→ **Work required**
Return all of the entries exactly, but do not include the pictures.

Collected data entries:
* * * * *

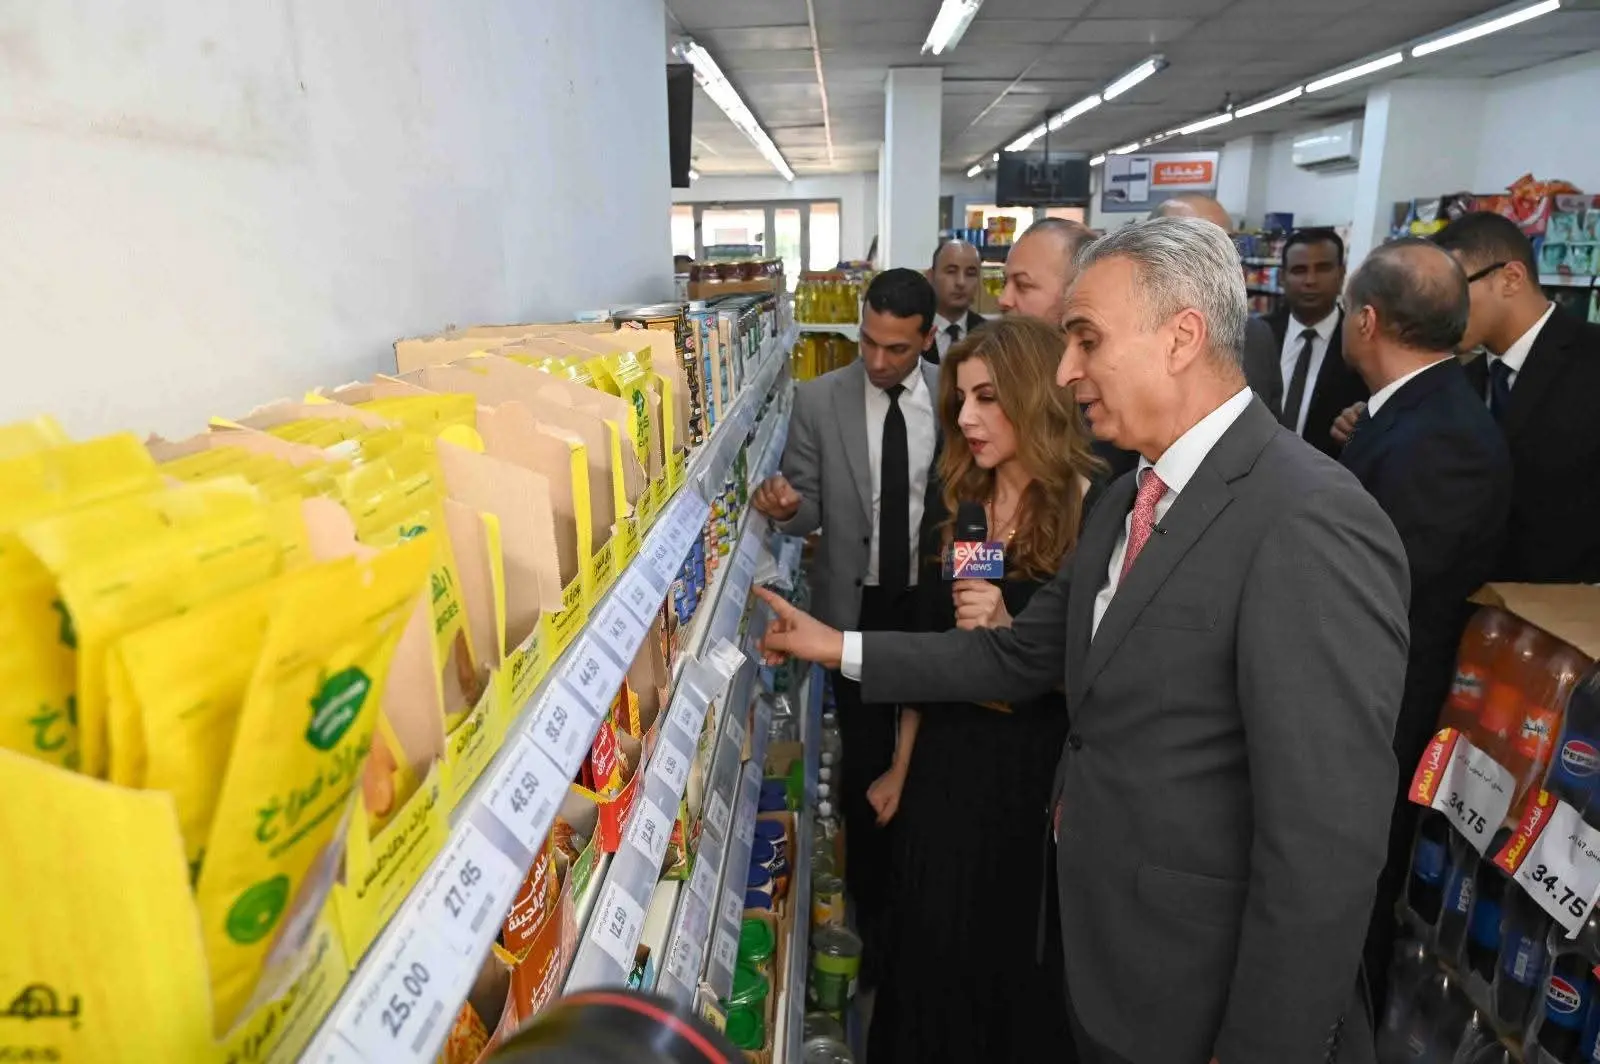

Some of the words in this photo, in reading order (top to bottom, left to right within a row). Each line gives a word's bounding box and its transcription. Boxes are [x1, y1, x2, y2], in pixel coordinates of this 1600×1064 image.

[953, 541, 1004, 564] eXtra
[965, 562, 992, 571] news
[510, 771, 540, 815] 48.50
[1447, 791, 1488, 835] 34.75
[1504, 834, 1528, 871] سعر
[443, 858, 483, 919] 27.95
[1531, 863, 1589, 918] 34.75
[608, 906, 628, 940] 12.50
[381, 961, 431, 1039] 25.00
[1550, 986, 1579, 1006] EPSI
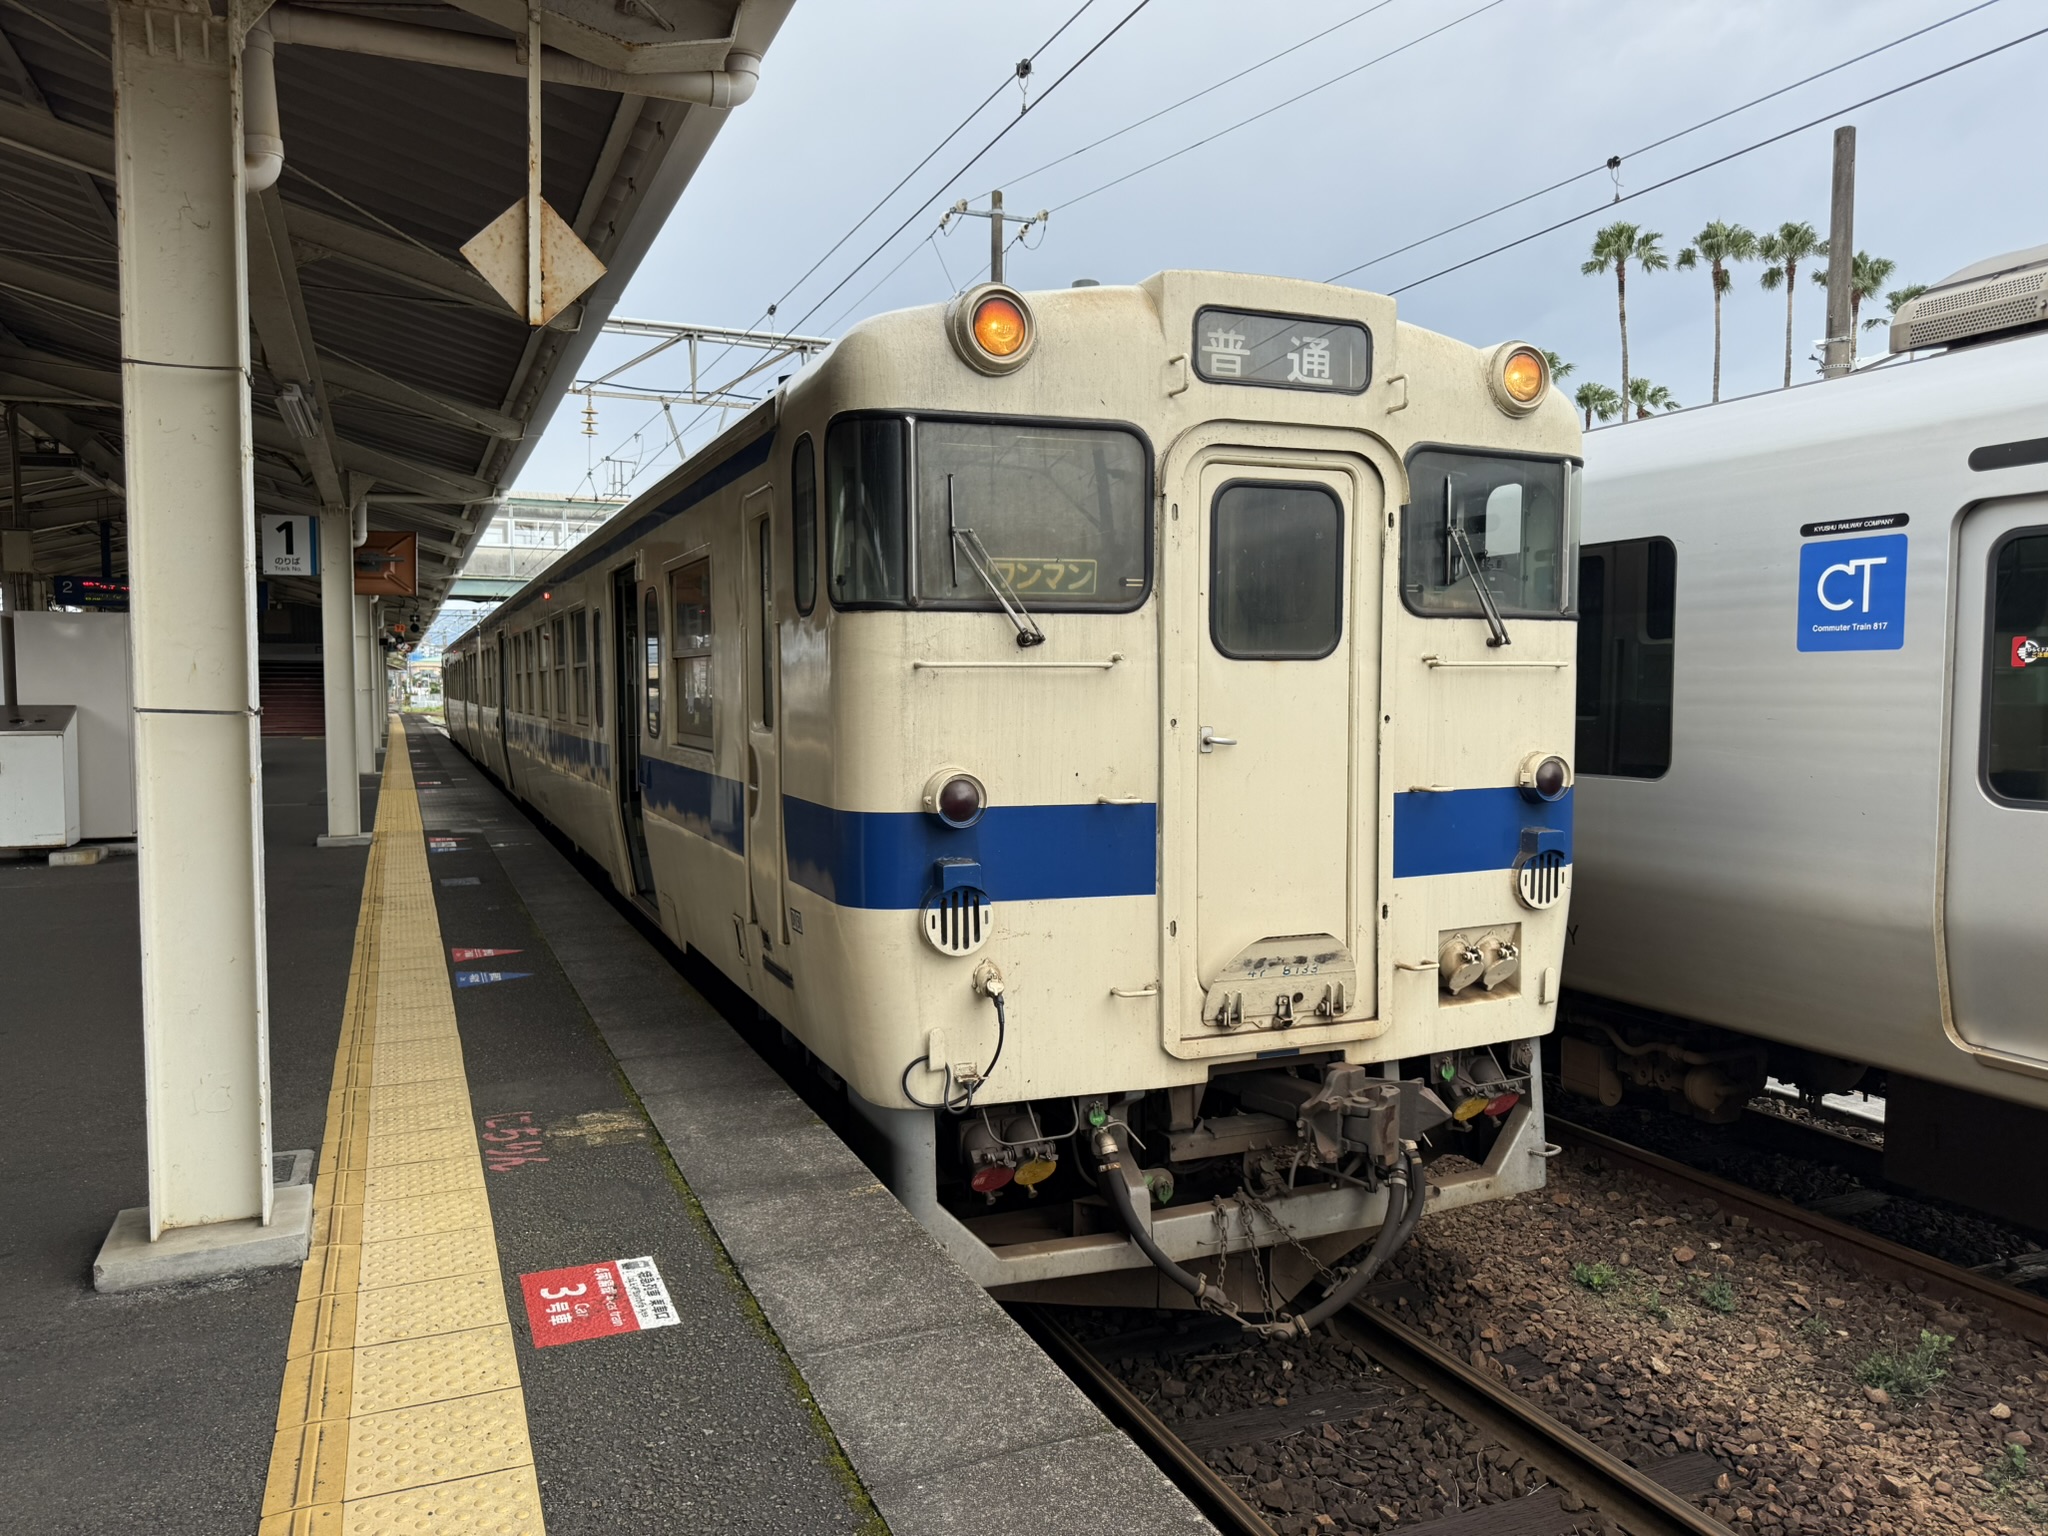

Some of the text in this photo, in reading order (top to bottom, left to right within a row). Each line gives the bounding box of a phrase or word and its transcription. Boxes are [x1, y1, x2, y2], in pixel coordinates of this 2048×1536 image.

[1201, 328, 1334, 386] 普通
[1813, 518, 1894, 533] KYUSHU RAILWAY COMPANY
[275, 521, 294, 555] 1
[274, 557, 301, 565] のりば
[989, 562, 1093, 590] ワンマン
[1817, 556, 1887, 613] CT
[62, 580, 73, 594] 2
[1812, 622, 1888, 632] Commuter Train 817

* * * * *

→ **Exercise output**
Some of the words in this photo, in reading order (top to bottom, left to right within a row). Each line gives a word's bounding box and its transcription. Boxes are [x1, y1, x2, y2], in pixel coordinates of this 1600×1064 image.

[953, 541, 1004, 564] eXtra
[965, 562, 992, 571] news
[510, 771, 540, 815] 48.50
[1447, 791, 1488, 835] 34.75
[1504, 834, 1528, 871] سعر
[443, 858, 483, 919] 27.95
[1531, 863, 1589, 918] 34.75
[608, 906, 628, 940] 12.50
[381, 961, 431, 1039] 25.00
[1550, 986, 1579, 1006] EPSI

Some of the text in this photo, in reading order (top to bottom, left to right within a row). Each line gives the bounding box of a phrase or word and its transcription. Boxes are [x1, y1, x2, y2], in pixel coordinates of this 2048×1536 image.

[1201, 328, 1334, 386] 普通
[1813, 518, 1894, 533] KYUSHU RAILWAY COMPANY
[275, 521, 294, 555] 1
[274, 557, 301, 565] のりば
[989, 562, 1093, 590] ワンマン
[1817, 556, 1887, 613] CT
[62, 580, 73, 594] 2
[1812, 622, 1888, 632] Commuter Train 817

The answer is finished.